▶ Data for review
<<<<

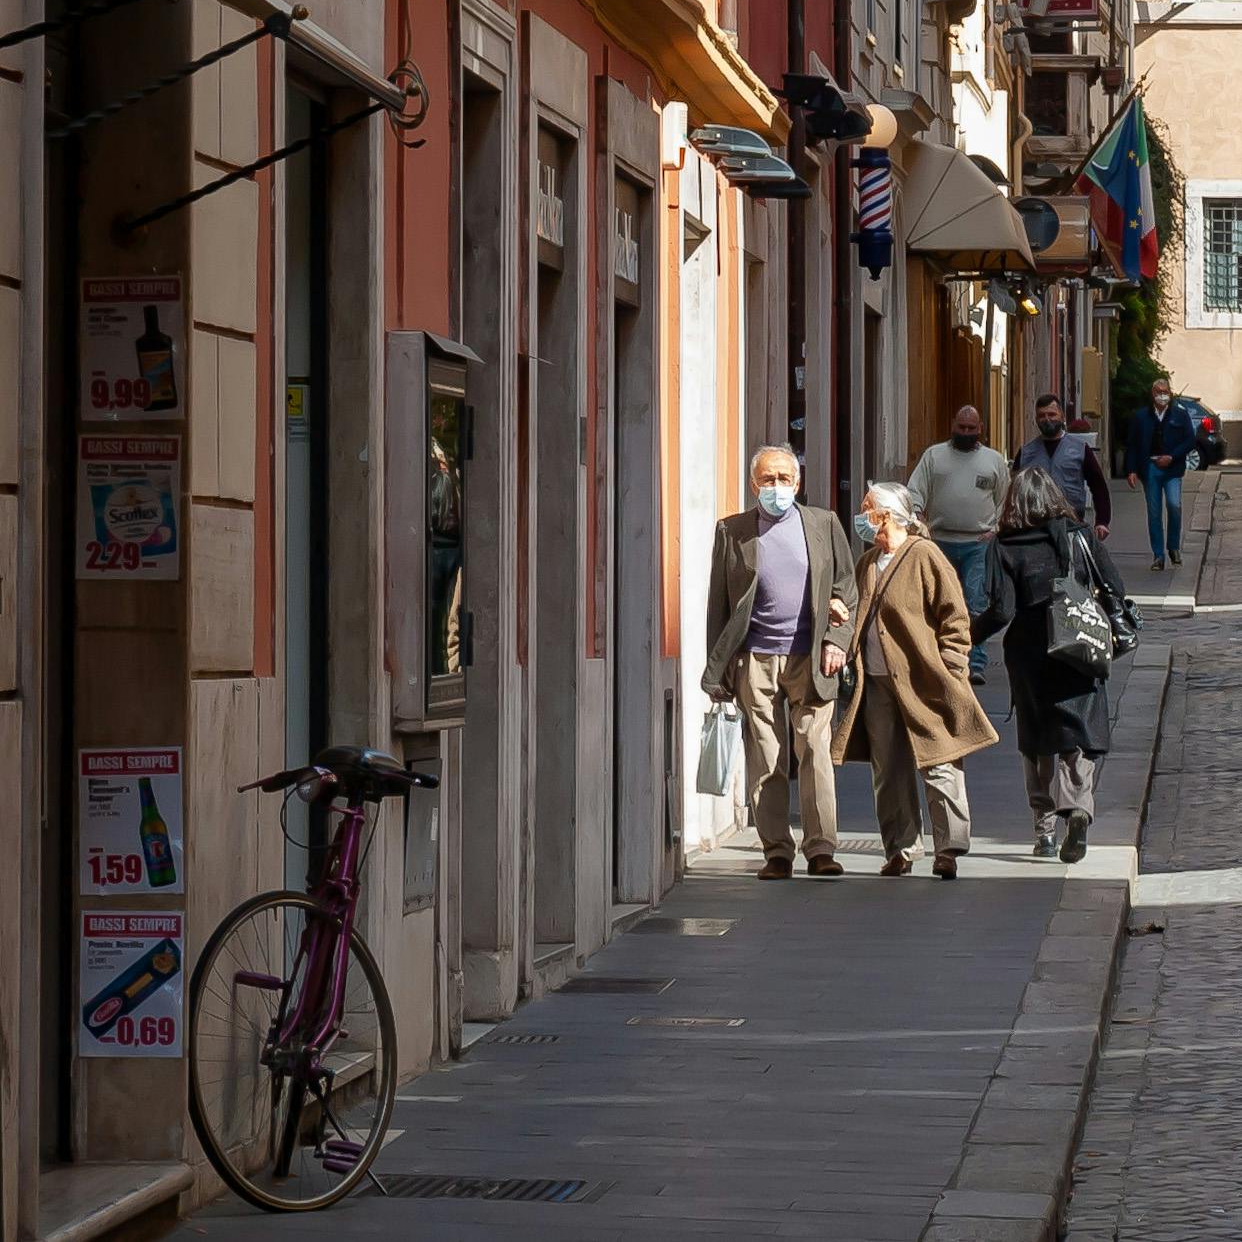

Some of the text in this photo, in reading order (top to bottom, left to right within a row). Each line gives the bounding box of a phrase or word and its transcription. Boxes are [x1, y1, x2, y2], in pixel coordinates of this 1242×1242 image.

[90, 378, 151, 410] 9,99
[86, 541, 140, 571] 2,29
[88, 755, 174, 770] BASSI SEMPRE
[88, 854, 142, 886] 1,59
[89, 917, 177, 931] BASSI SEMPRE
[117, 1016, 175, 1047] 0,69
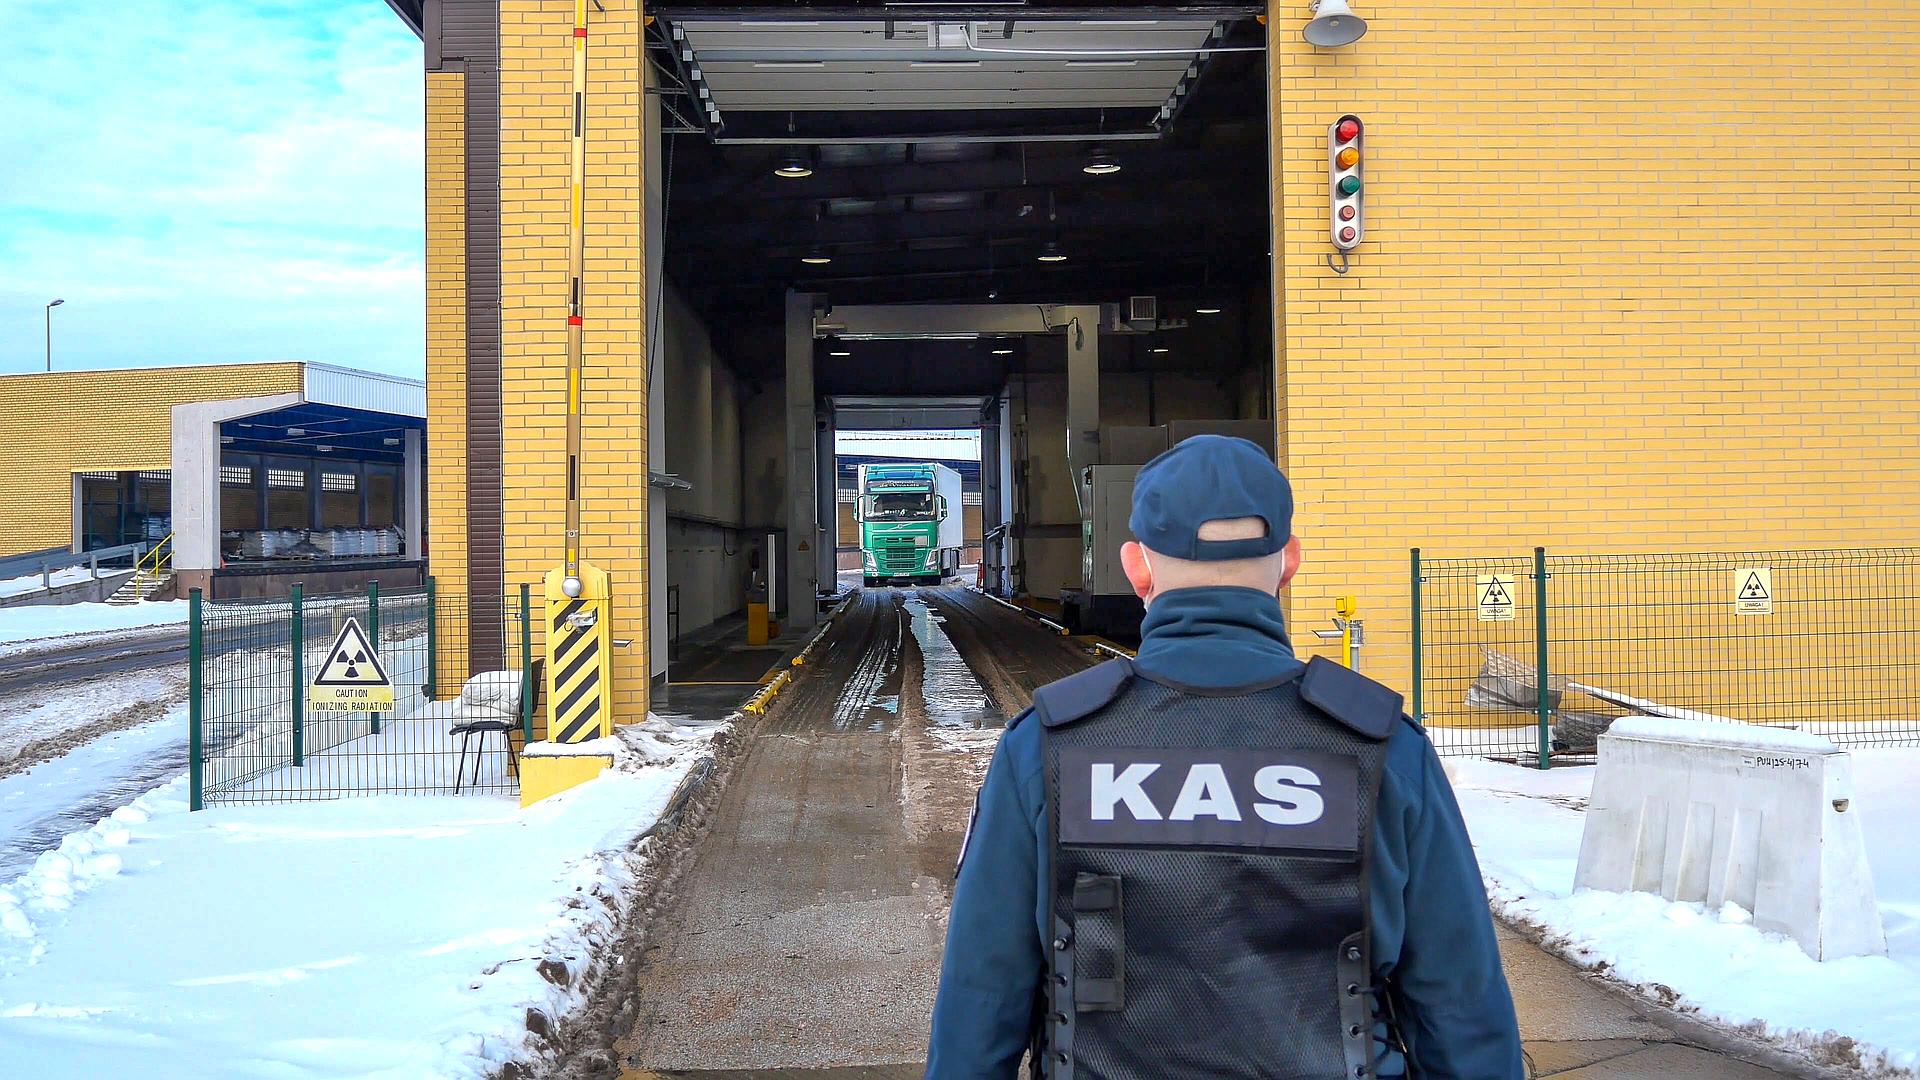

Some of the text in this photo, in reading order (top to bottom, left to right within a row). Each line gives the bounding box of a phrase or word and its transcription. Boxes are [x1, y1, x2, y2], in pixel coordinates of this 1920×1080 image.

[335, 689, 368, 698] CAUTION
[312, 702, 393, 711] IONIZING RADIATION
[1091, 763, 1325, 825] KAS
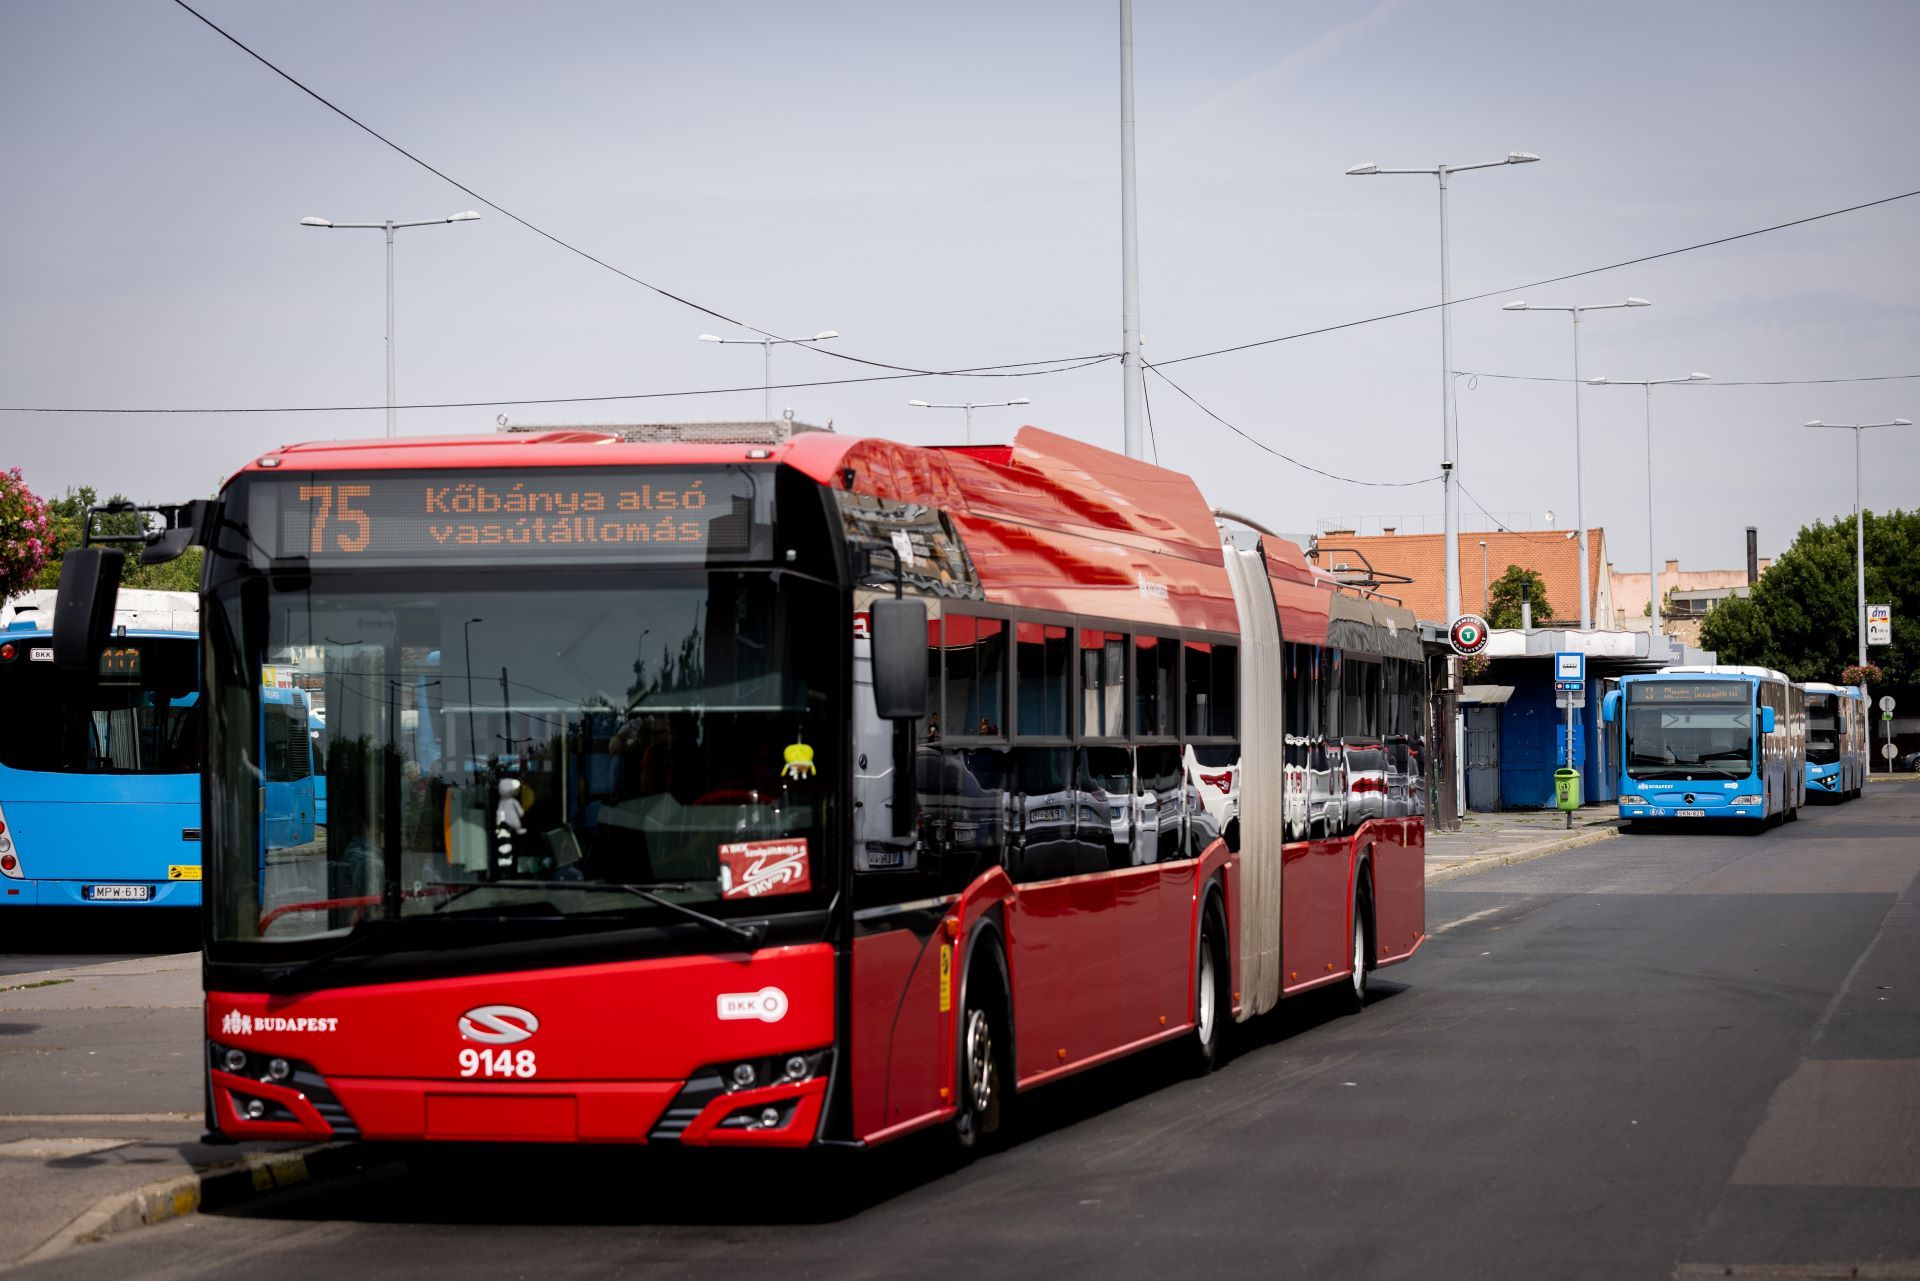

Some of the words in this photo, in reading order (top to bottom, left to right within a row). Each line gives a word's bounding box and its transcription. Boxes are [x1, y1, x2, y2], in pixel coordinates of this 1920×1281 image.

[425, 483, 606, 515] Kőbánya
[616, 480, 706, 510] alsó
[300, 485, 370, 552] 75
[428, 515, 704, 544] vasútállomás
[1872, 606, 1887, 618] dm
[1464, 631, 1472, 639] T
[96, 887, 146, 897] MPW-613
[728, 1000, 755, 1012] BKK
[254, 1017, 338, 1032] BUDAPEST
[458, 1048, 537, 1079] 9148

>>>>

▶ Exercise instructions
Your task is to copy the entries in full and exactly, without any images.

▶ Answer area
Some of the text in this photo, in reading order (top to bottom, left to right within a row). Each line gives the bounding box of a phrase or word and its transcription. Boxes are [x1, y1, x2, y2], in pixel coordinates of this 1242×1242 image.

[90, 378, 151, 410] 9,99
[86, 541, 140, 571] 2,29
[88, 755, 174, 770] BASSI SEMPRE
[88, 854, 142, 886] 1,59
[89, 917, 177, 931] BASSI SEMPRE
[117, 1016, 175, 1047] 0,69

Some of the text in this photo, in reading order (top to bottom, left to right within a row). Each line gives the bounding box of a phrase or word and its transcription. Boxes are [x1, y1, x2, y2], in pixel coordinates of this 1920×1080 image.

[335, 689, 368, 698] CAUTION
[312, 702, 393, 711] IONIZING RADIATION
[1091, 763, 1325, 825] KAS

Some of the words in this photo, in reading order (top to bottom, left to right within a row). Each line gives a word's bounding box and its transcription. Boxes are [x1, y1, x2, y2], in pixel coordinates of this 1920×1281 image.

[425, 483, 606, 515] Kőbánya
[616, 480, 706, 510] alsó
[300, 485, 370, 552] 75
[428, 515, 704, 544] vasútállomás
[1872, 606, 1887, 618] dm
[1464, 631, 1472, 639] T
[96, 887, 146, 897] MPW-613
[728, 1000, 755, 1012] BKK
[254, 1017, 338, 1032] BUDAPEST
[458, 1048, 537, 1079] 9148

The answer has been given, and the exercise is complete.